Hey, tribe.
So once in a while, I post an excerpt of one of these newsletters on my personal Facebook page and it inspires pushback that helps me hone my public stance.
I welcome any pushback that doesn’t involve demonizing, delegitimizing, or applying double standards to Israel. The very best way to construct an argument is to address each objection and patch every hole anyone else can find or create within it.
But I’m also always mindful that if one person is thinking something, others are thinking that same thing. Very rarely does a unique opinion appear in a vacuum.

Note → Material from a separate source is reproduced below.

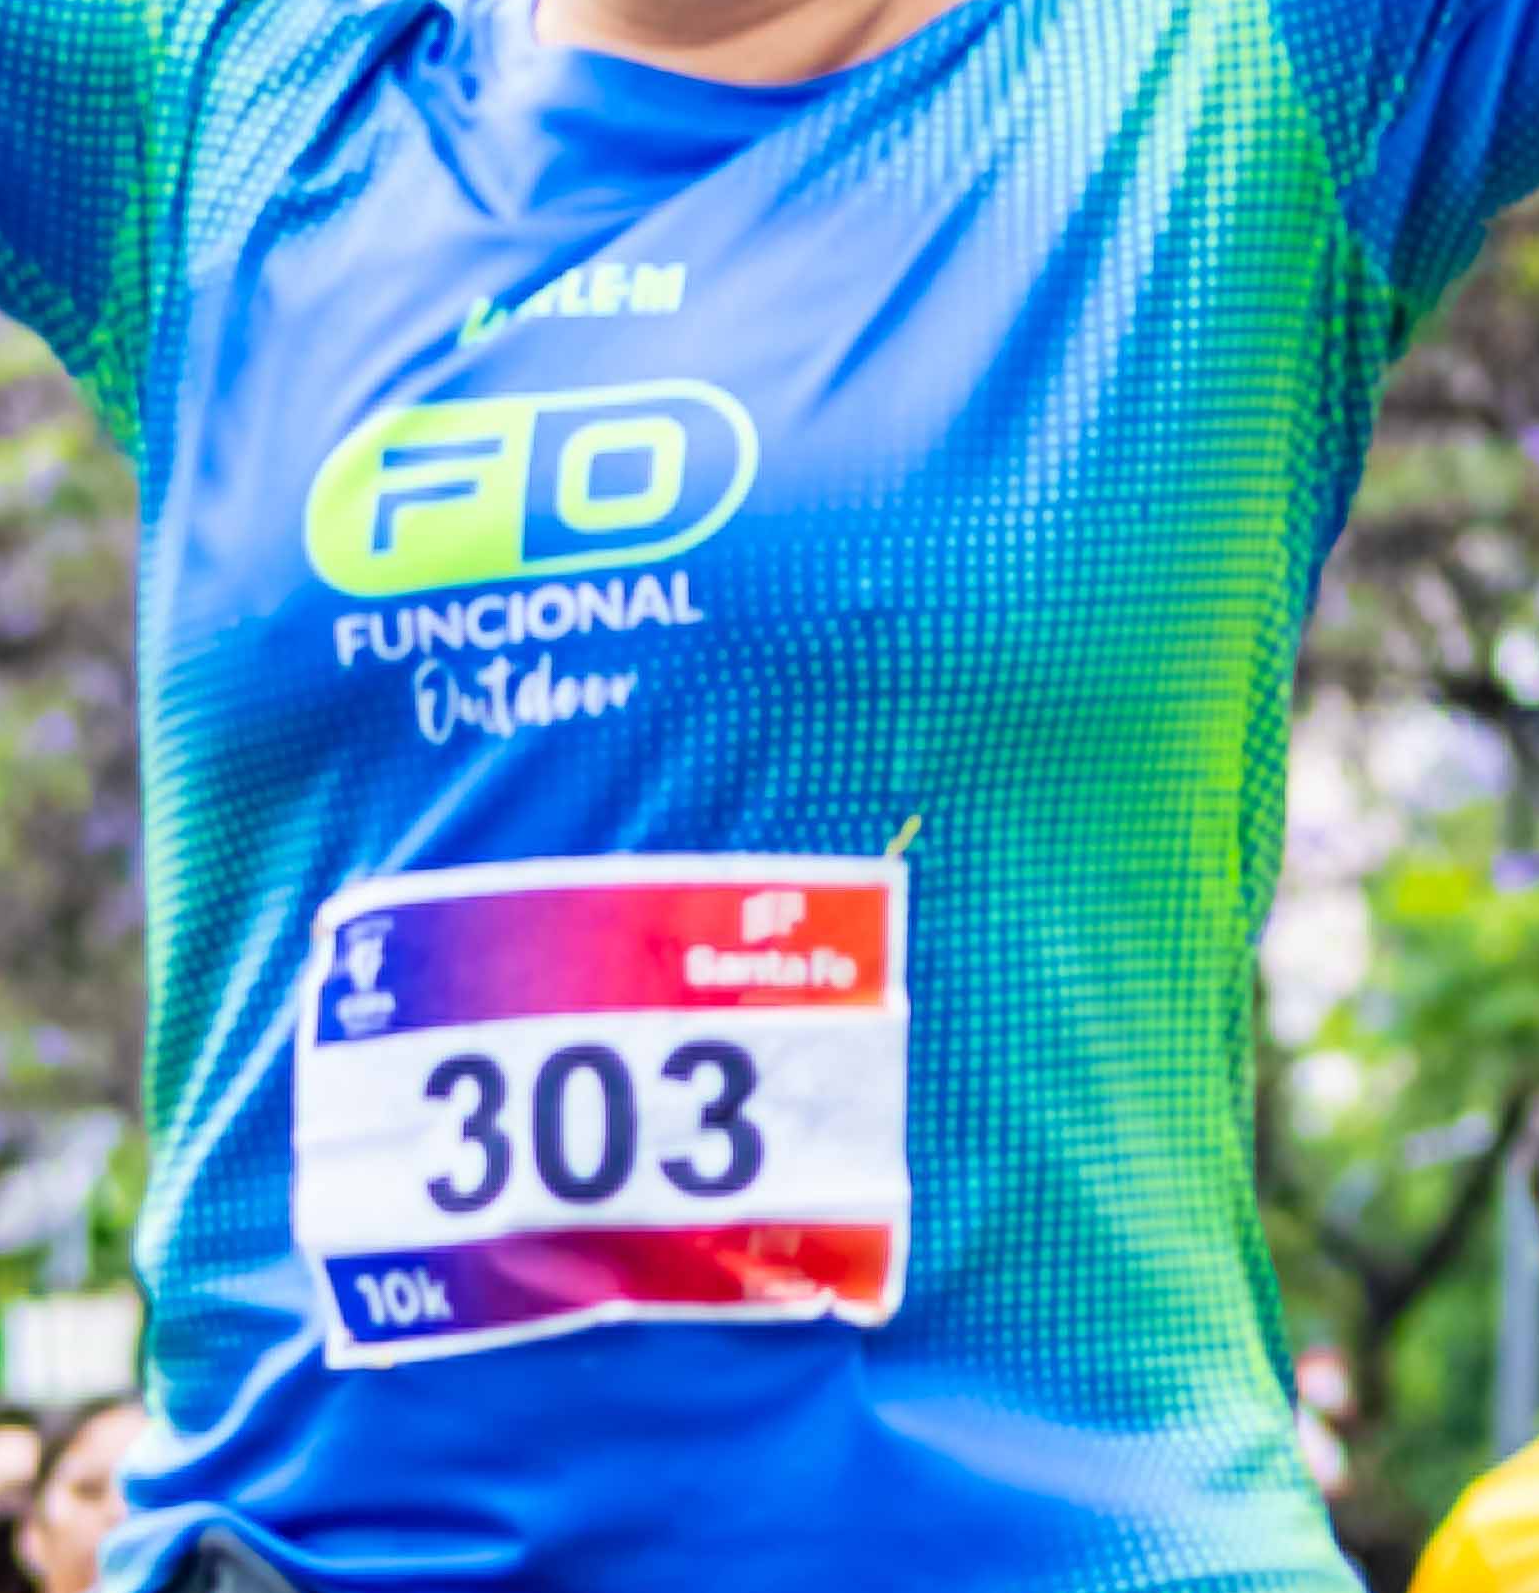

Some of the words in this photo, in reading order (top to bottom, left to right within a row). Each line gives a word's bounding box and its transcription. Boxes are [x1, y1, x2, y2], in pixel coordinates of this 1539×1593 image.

[333, 570, 704, 667] FUNCIONAL
[424, 1040, 763, 1212] 303
[356, 1269, 452, 1325] 10k

There are also plenty of grievances I encounter over and over. That’s the joy of doing Jewish advocacy on the left side of the political aisle. No matter what I say or where I position myself on the Zionist spectrum, some people will accuse me of selling my people down the river and others will call me a genocide apologist.
And in addition to such grievances, I’m also confronted with widely-held and yet dubious opinions about the war even by other Jews who love Israel and want her to prevail.
Some of these are:
Israel is losing this war.
Israel has mishandled the entire conflict in a disastrous way.
Israel has already won militarily so what’s the point of grinding on with the war effort and killing more civilians in the process?
This war is also being fought on the public relations front. That matters just as much as the one on the battlefield, and we can’t afford to lose it as badly as we currently are.
This or that Palestinian that you’re quoting with respect, Elissa, has said other things I find such an affront that I can barely tolerate your regard for him.
Elissa, isn’t this or that Palestinian you’re quoting with respect serving exactly the same role as the token Jews you complain about when the other side quotes them?
The Palestinians and Hamas are totally separate entities, with miles of daylight between them.
There are no innocent Palestinians.
So today, I want to offer you word-for-word excerpts of the dialogue I’ve had with other people so that you can — if you agree with me, and if you choose to engage the detractors in your own circles — counter the same objections in the same way.
All the content below was written in real-life exchanges online. I’m not inventing a single shred of conversation as a foil — I have every receipt.
*
The first exchange involved my amplification of a post by Ahmed Fouad Alkhatib, a peace activist from Gaza who has lost many family members to this war. He posted the following content from the account of Columbia Students for Justice in Palestine:
And then he added his own commentary which began:
I'm disappointed & frustrated with the statement by Columbia Students for Justice in Palestine (who blocked me despite having never interacted with them). In it, they reaffirm the right of armed resistance, an explicit endorsement of Hamas and October 7 & the “all means necessary” narrative, reject the Two State Solution, and attack "normalizers" or anyone who's willing to talk to Israelis and engage in promoting pragmatic solutions to achieve coexistence and peace. They talk about Thawabit or redlines as if they’re a Palestinian “faction” instead of rational Westerners who are supposed to advance the cause and not cosplay as revolutionaries.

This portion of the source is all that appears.